- Images for object localization -
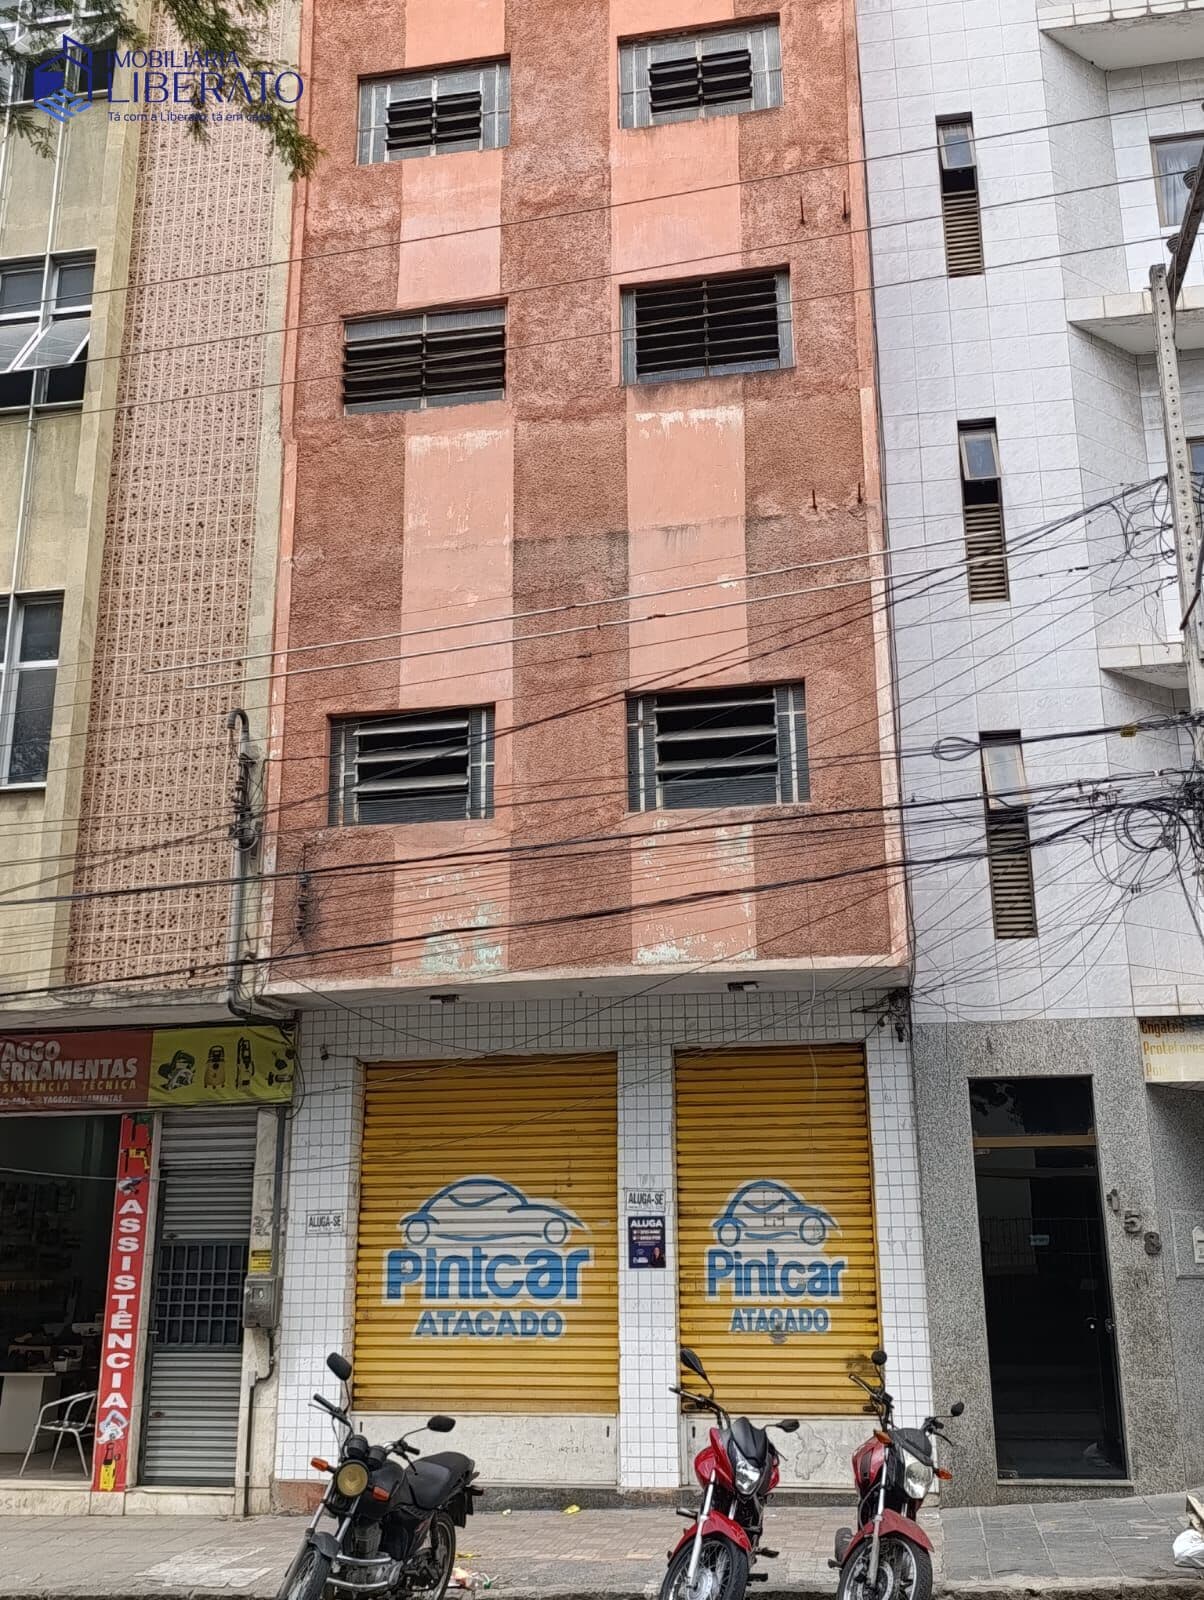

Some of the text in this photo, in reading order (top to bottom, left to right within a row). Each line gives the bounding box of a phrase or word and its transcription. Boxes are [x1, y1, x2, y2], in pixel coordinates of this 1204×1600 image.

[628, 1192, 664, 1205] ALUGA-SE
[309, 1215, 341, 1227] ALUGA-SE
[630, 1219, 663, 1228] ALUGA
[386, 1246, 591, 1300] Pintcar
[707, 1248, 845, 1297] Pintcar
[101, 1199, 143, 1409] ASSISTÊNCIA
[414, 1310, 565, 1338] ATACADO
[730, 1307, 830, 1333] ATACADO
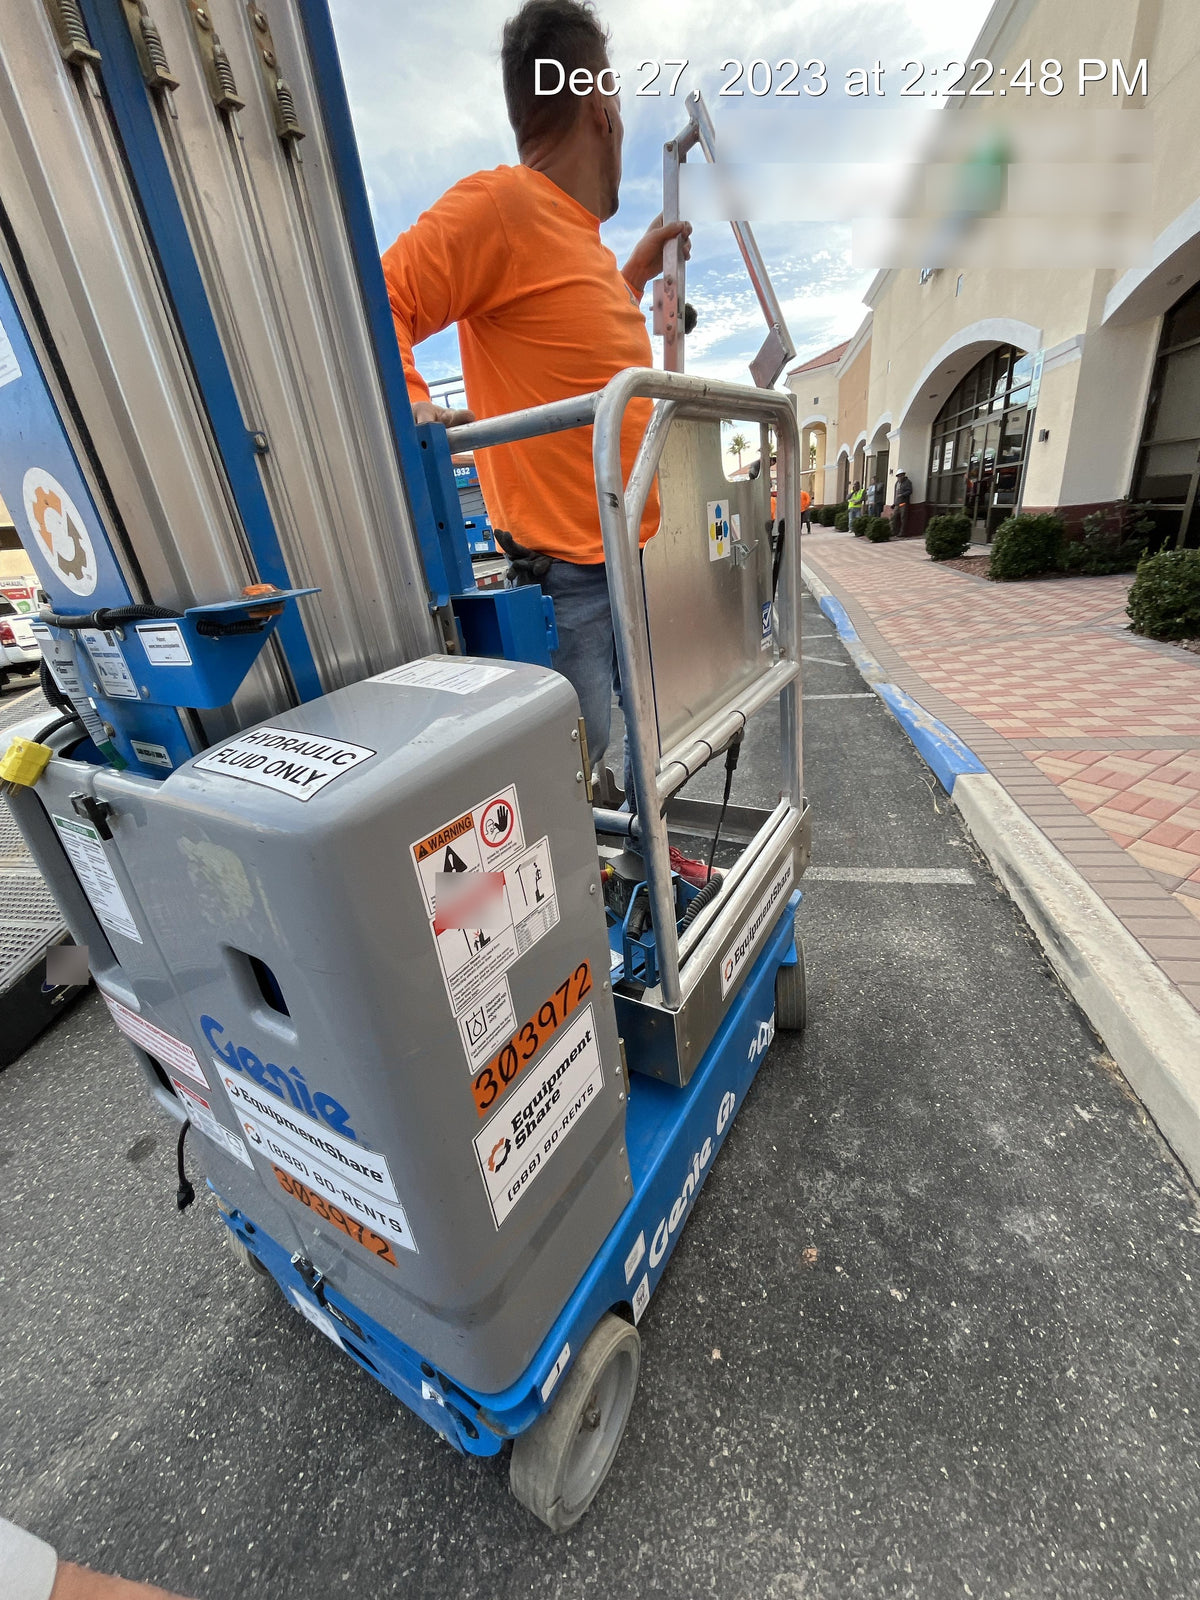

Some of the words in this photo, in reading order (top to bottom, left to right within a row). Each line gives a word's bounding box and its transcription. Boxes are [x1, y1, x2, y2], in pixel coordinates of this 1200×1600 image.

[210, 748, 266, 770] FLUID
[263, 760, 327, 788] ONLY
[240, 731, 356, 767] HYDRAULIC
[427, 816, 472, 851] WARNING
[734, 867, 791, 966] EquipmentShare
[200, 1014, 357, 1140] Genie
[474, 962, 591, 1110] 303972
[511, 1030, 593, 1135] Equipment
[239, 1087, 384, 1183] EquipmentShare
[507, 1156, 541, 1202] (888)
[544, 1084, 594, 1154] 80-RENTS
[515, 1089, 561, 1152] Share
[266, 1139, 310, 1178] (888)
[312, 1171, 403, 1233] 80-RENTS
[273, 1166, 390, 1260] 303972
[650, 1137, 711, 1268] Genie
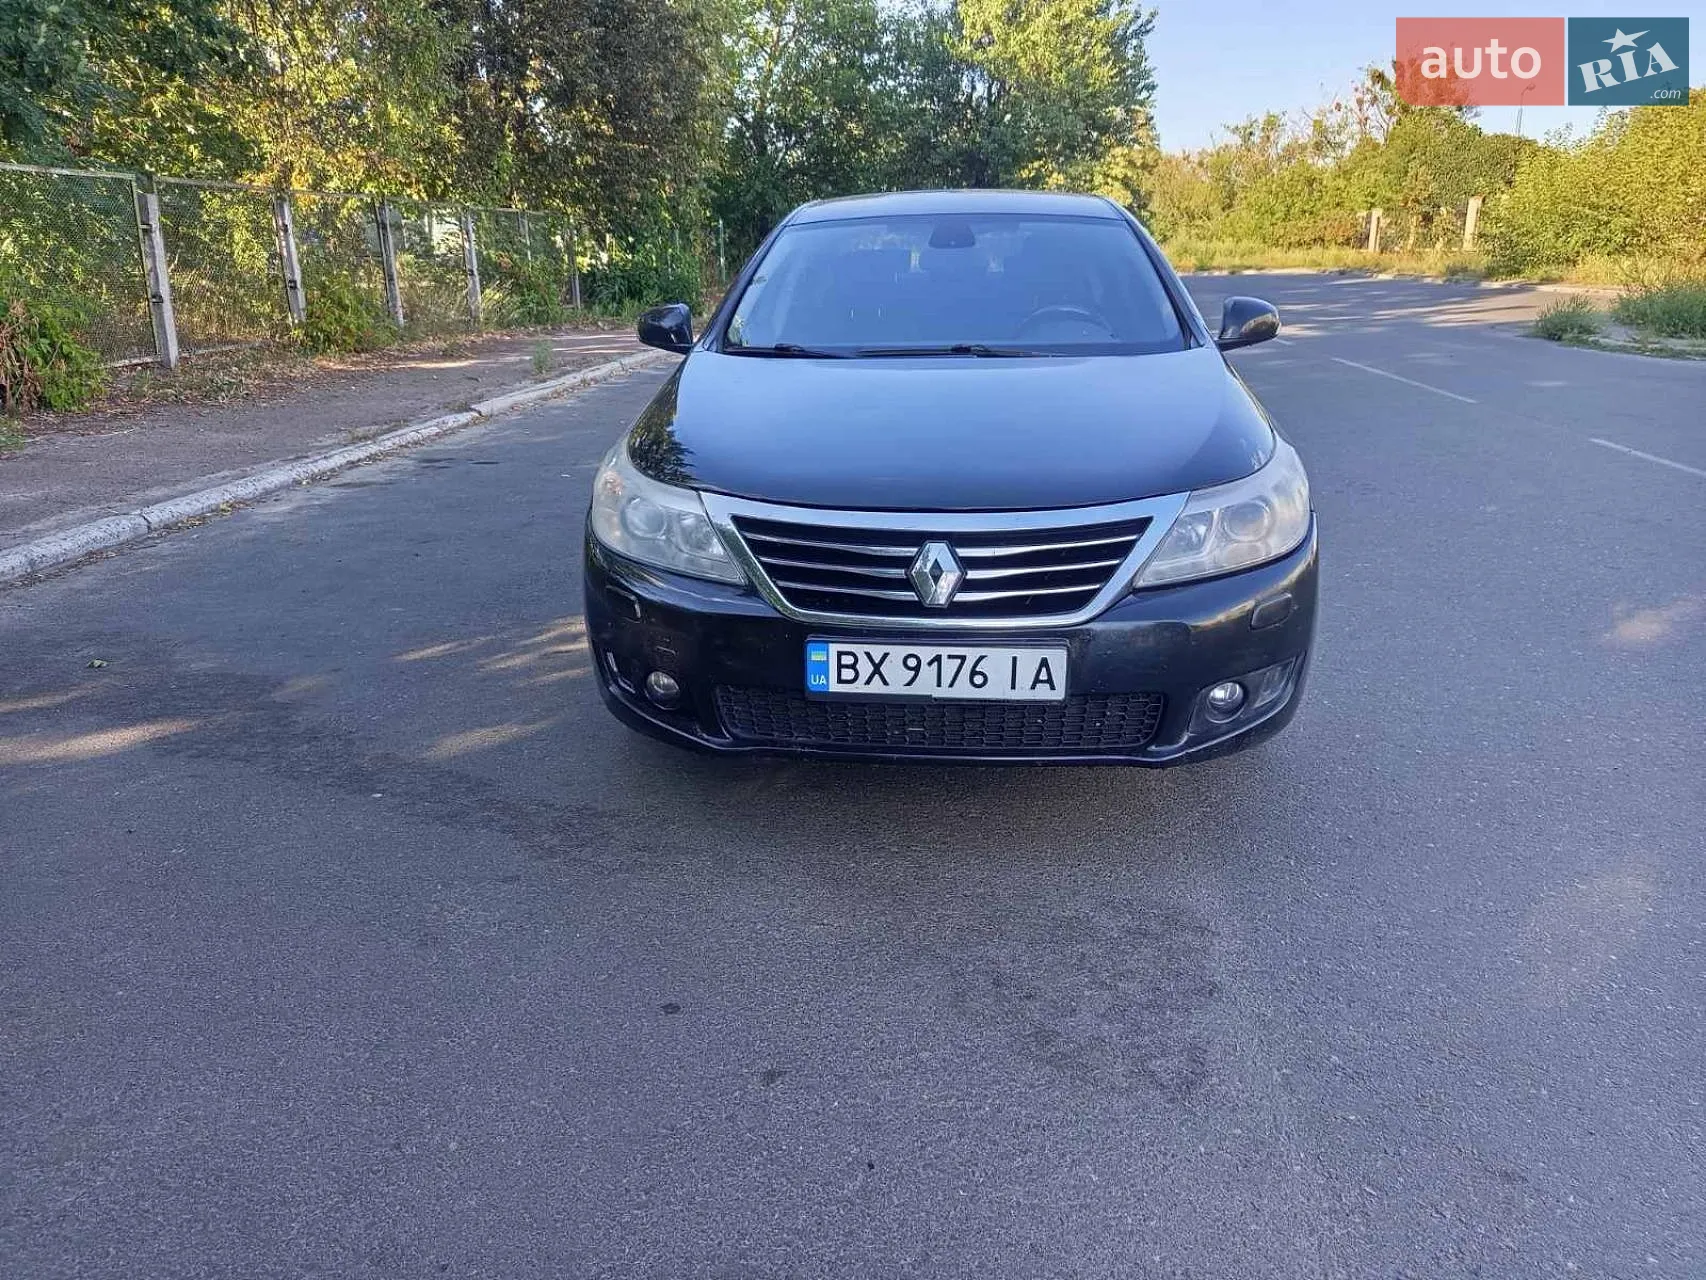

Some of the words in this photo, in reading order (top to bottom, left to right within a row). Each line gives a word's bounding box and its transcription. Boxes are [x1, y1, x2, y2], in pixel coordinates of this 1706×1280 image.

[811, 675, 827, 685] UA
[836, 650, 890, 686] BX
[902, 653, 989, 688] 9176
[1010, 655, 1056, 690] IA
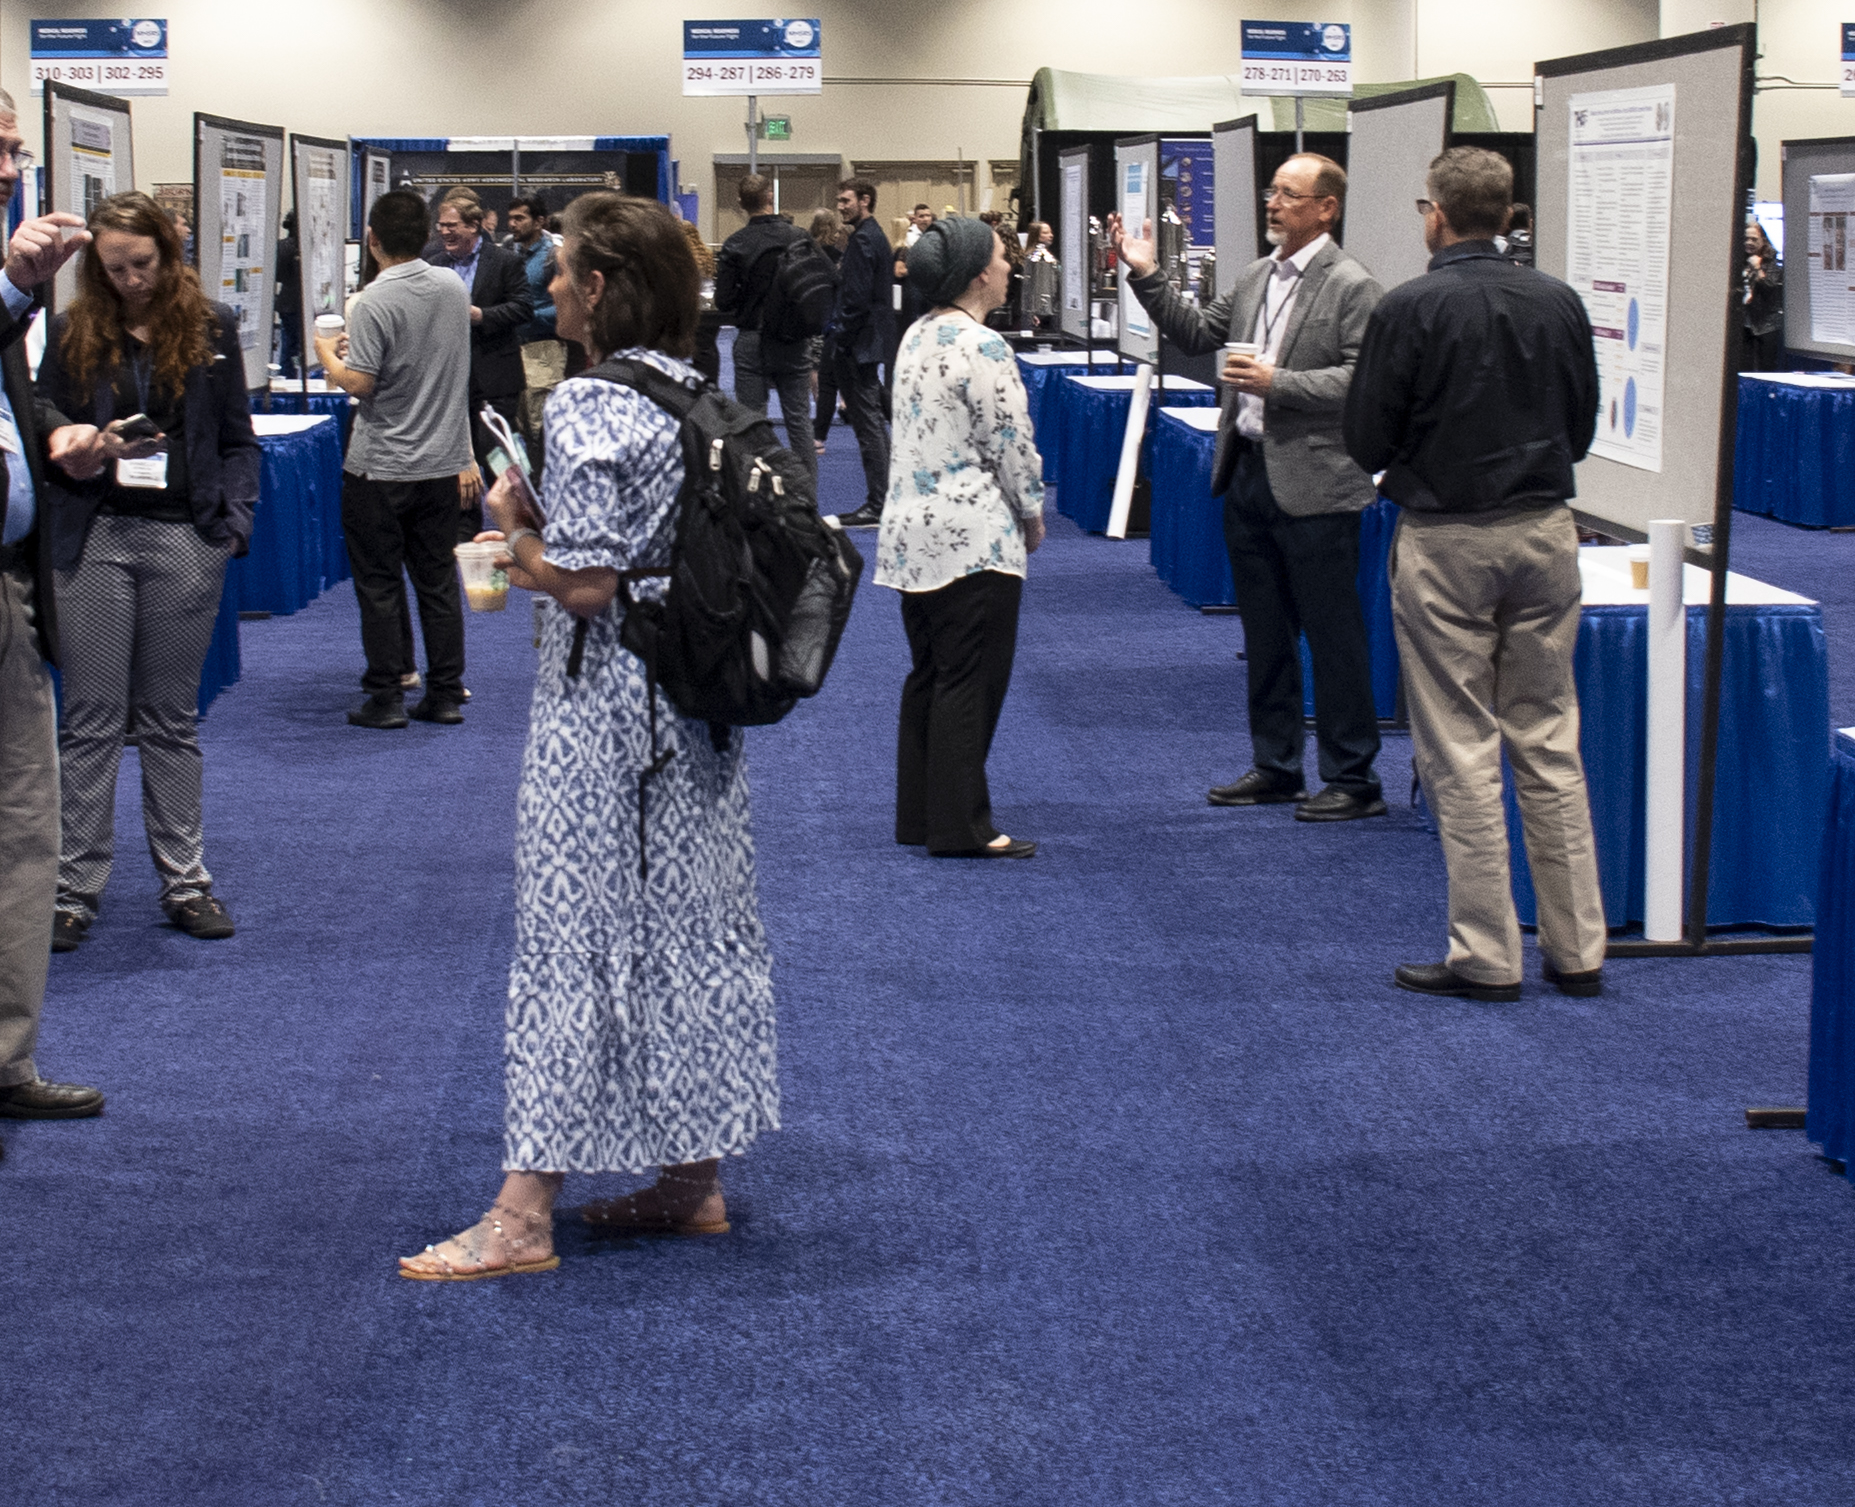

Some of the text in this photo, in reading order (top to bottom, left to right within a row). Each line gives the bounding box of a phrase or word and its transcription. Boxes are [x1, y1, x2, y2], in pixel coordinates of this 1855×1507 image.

- WHAT THE EXERCISE ASKS -
For the records above, give every line again exactly and skip the pictures.

- COMPLETED EXERCISE -
Some of the text in this photo, in reading order (top to bottom, left to right within a row). Each line gives the bounding box of a phrase or word and its transcription. Boxes are [x1, y1, x2, y2], in pixel coordinates of this 1204×1600 image.

[628, 1192, 664, 1205] ALUGA-SE
[309, 1215, 341, 1227] ALUGA-SE
[630, 1219, 663, 1228] ALUGA
[386, 1246, 591, 1300] Pintcar
[707, 1248, 845, 1297] Pintcar
[101, 1199, 143, 1409] ASSISTÊNCIA
[414, 1310, 565, 1338] ATACADO
[730, 1307, 830, 1333] ATACADO

Some of the words in this photo, in reading order (top to bottom, left to right within a row). Each line gives a word's bounding box and its transcription. Boxes are [x1, y1, x2, y2], in pixel coordinates of this 1200×1600 image.

[210, 748, 266, 770] FLUID
[263, 760, 327, 788] ONLY
[240, 731, 356, 767] HYDRAULIC
[427, 816, 472, 851] WARNING
[734, 867, 791, 966] EquipmentShare
[200, 1014, 357, 1140] Genie
[474, 962, 591, 1110] 303972
[511, 1030, 593, 1135] Equipment
[239, 1087, 384, 1183] EquipmentShare
[507, 1156, 541, 1202] (888)
[544, 1084, 594, 1154] 80-RENTS
[515, 1089, 561, 1152] Share
[266, 1139, 310, 1178] (888)
[312, 1171, 403, 1233] 80-RENTS
[273, 1166, 390, 1260] 303972
[650, 1137, 711, 1268] Genie

Some of the words in this photo, in reading order (top to bottom, left to right within a row). Each line gives a word's bounding box and its transcription. Boxes are [x1, y1, x2, y2], in pixel coordinates of this 1706×1280 image.

[811, 675, 827, 685] UA
[836, 650, 890, 686] BX
[902, 653, 989, 688] 9176
[1010, 655, 1056, 690] IA

Some of the text in this photo, in reading order (top to bottom, left to right within a row). Each line gives the bounding box of a phrase or word and its transcription. Boxes are [x1, y1, x2, y2], in pixel coordinates of this 1855×1507 image.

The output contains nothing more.